Compression is used extensively by all database vendors to reduce TCO and improve performance. Compression could be applied to different parts of the system to achieve the following goals:

  • Less writes to disk - less IO call, less disk space needed
  • Less reads from disk - less IO call, less RAM is needed to accommodate the same number of records.

Performance numbers of other vendors demonstrate that we could expect 2x-4x decrease in required disk space and >1.5x increase in throughput (ops/sec) on typical workloads.

Competitive analysis

This section describes general compression approaches and their pros and cons. The following compression mechanisms are implemented in practice:

  1. Data format 
  2. Index prefix compression
  3. Page-level compression
  4. WAL compression
  5. Per-column compression
  6. Compression on file system level
  7. Column store

Data Format

Efficient disk usage starts with proper data layout. Vendors strive to place data in pages in such a way that total overhead is kept as low as possible while still maintaining high read speed.

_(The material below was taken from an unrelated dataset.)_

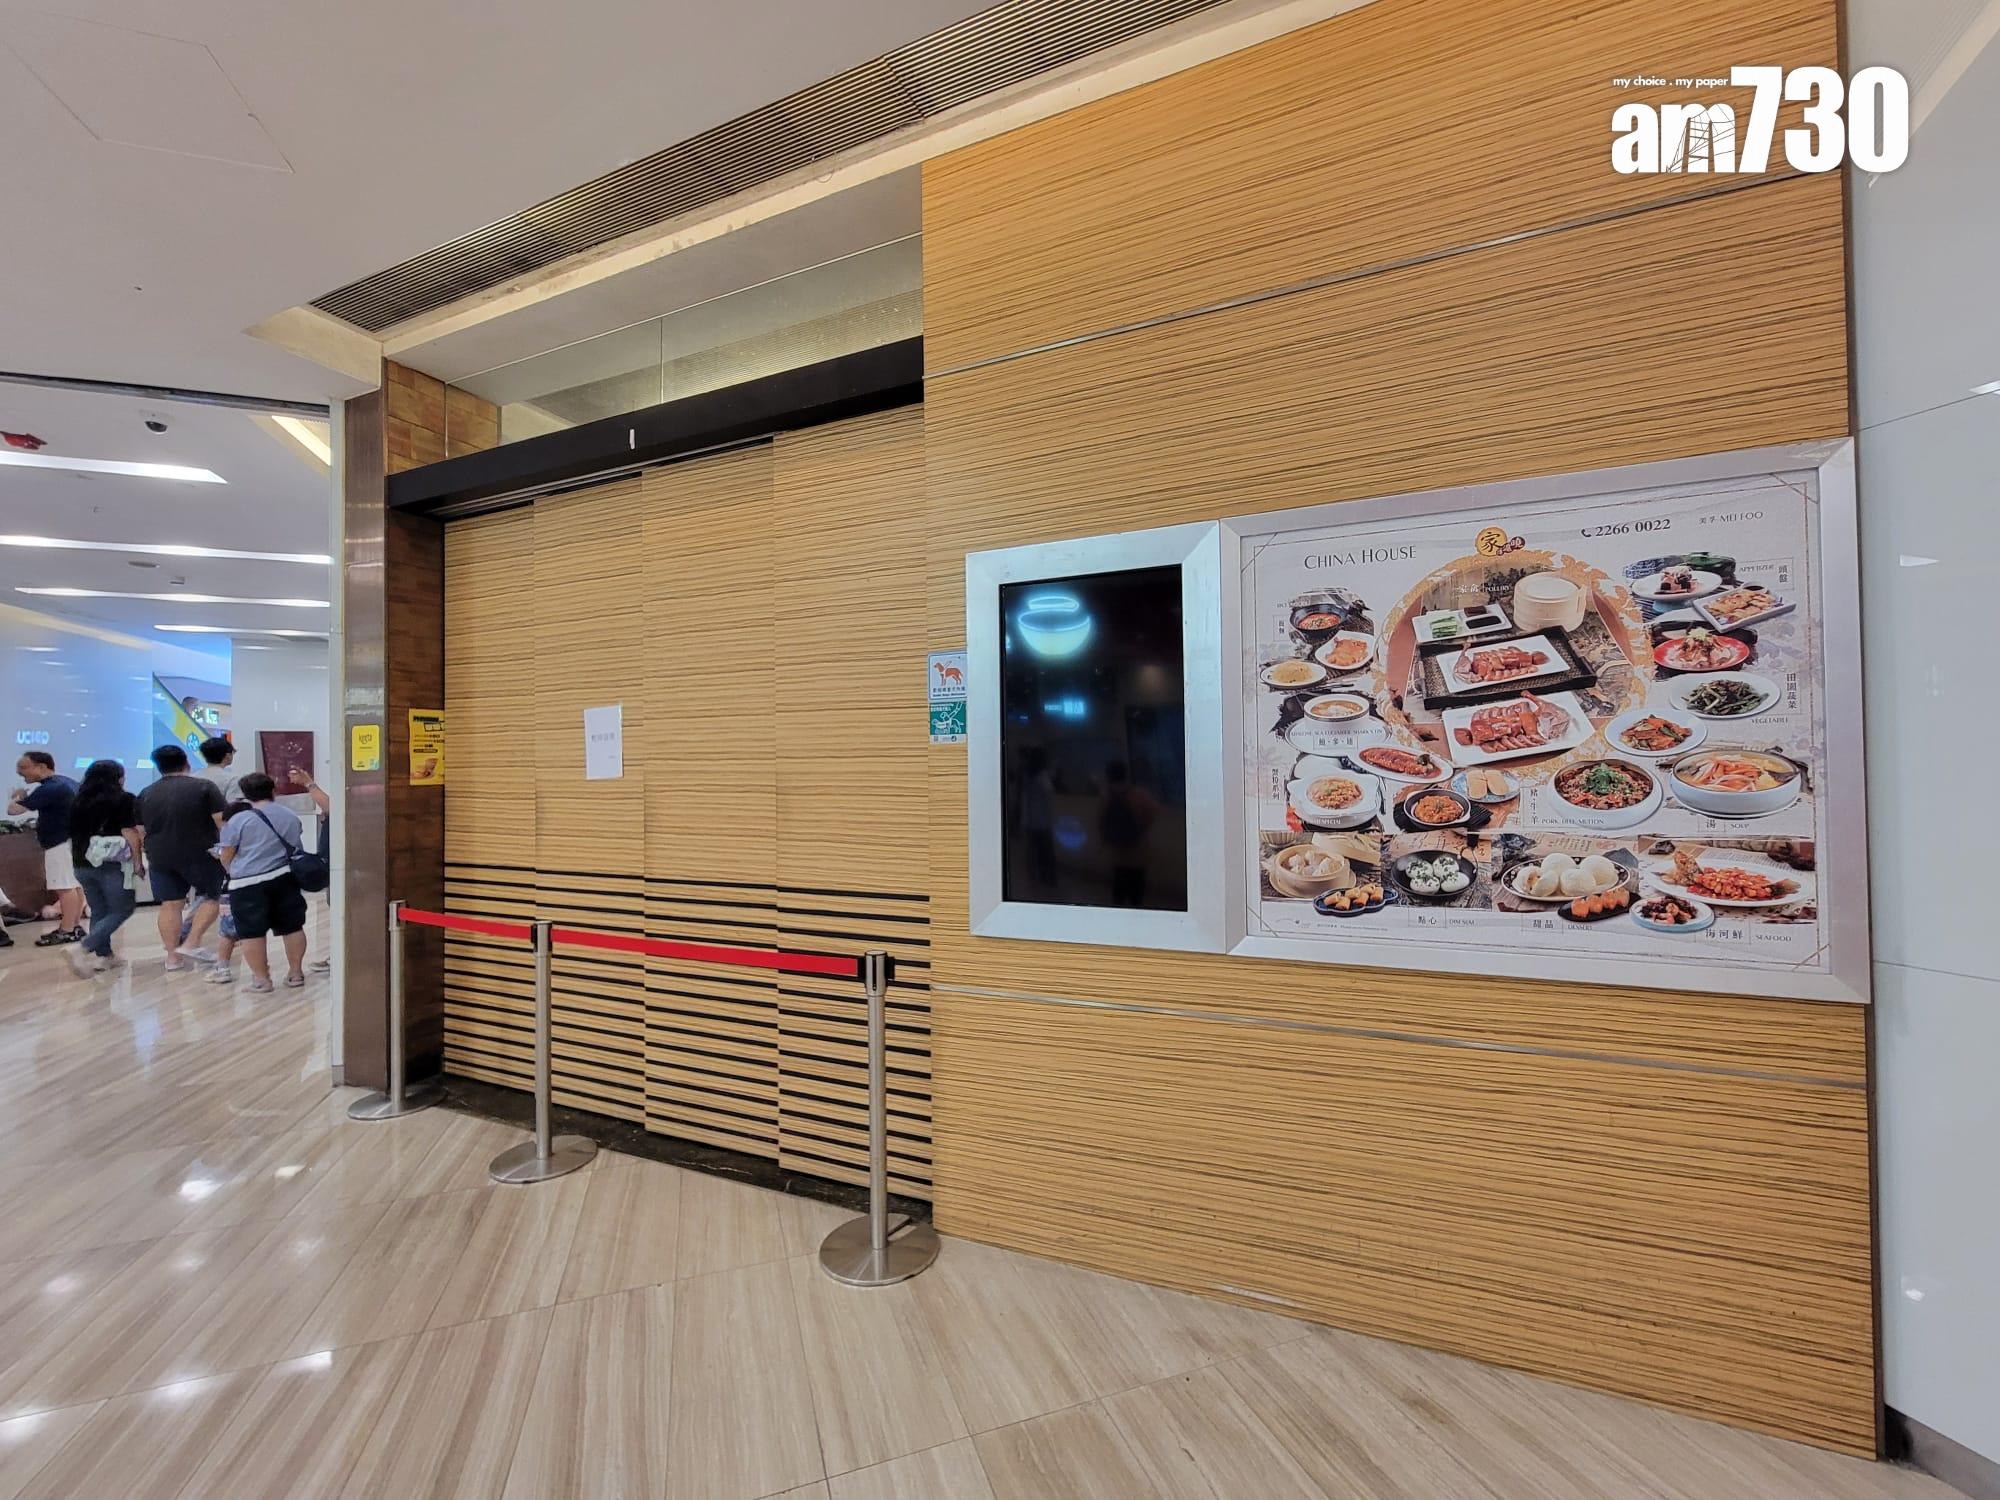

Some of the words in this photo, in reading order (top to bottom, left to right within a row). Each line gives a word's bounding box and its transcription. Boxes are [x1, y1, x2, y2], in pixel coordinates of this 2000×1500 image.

Typically this is achieved as follows:

  1. Common metadata such is stored outside of data page
  2. Numeric types are written using varlen encoding (e.g. int data type may take 1-5 bytes instead of 4)
  3. Fixed-length string data types (CHAR, NCHAR) are trimmed
  4. NULL and zero values are optimized to consume no space, typically with special bitmap (e.g. if there are 

Examples:

  1. SQL Server row format [1] - varlen, CHAR trimming, NULL/zero optimization
  2. MySQL row format [2] - no varlen, no CHAR trimming, NULL/zero optimization

[1] https://docs.microsoft.com/en-us/sql/relational-databases/data-compression/row-compression-implementation?view=sql-server-2017
[2] https://dev.mysql.com/doc/refman/5.6/en/innodb-physical-record.html

Index Prefix Compression

Secondary indexes tend to have entries with common prefix. E.g. {'IndexedValue', link1}, {'indexedValue', link2}. Prefix compression technique extracts common prefixes from entries on the index page and place them in a special directory within a page.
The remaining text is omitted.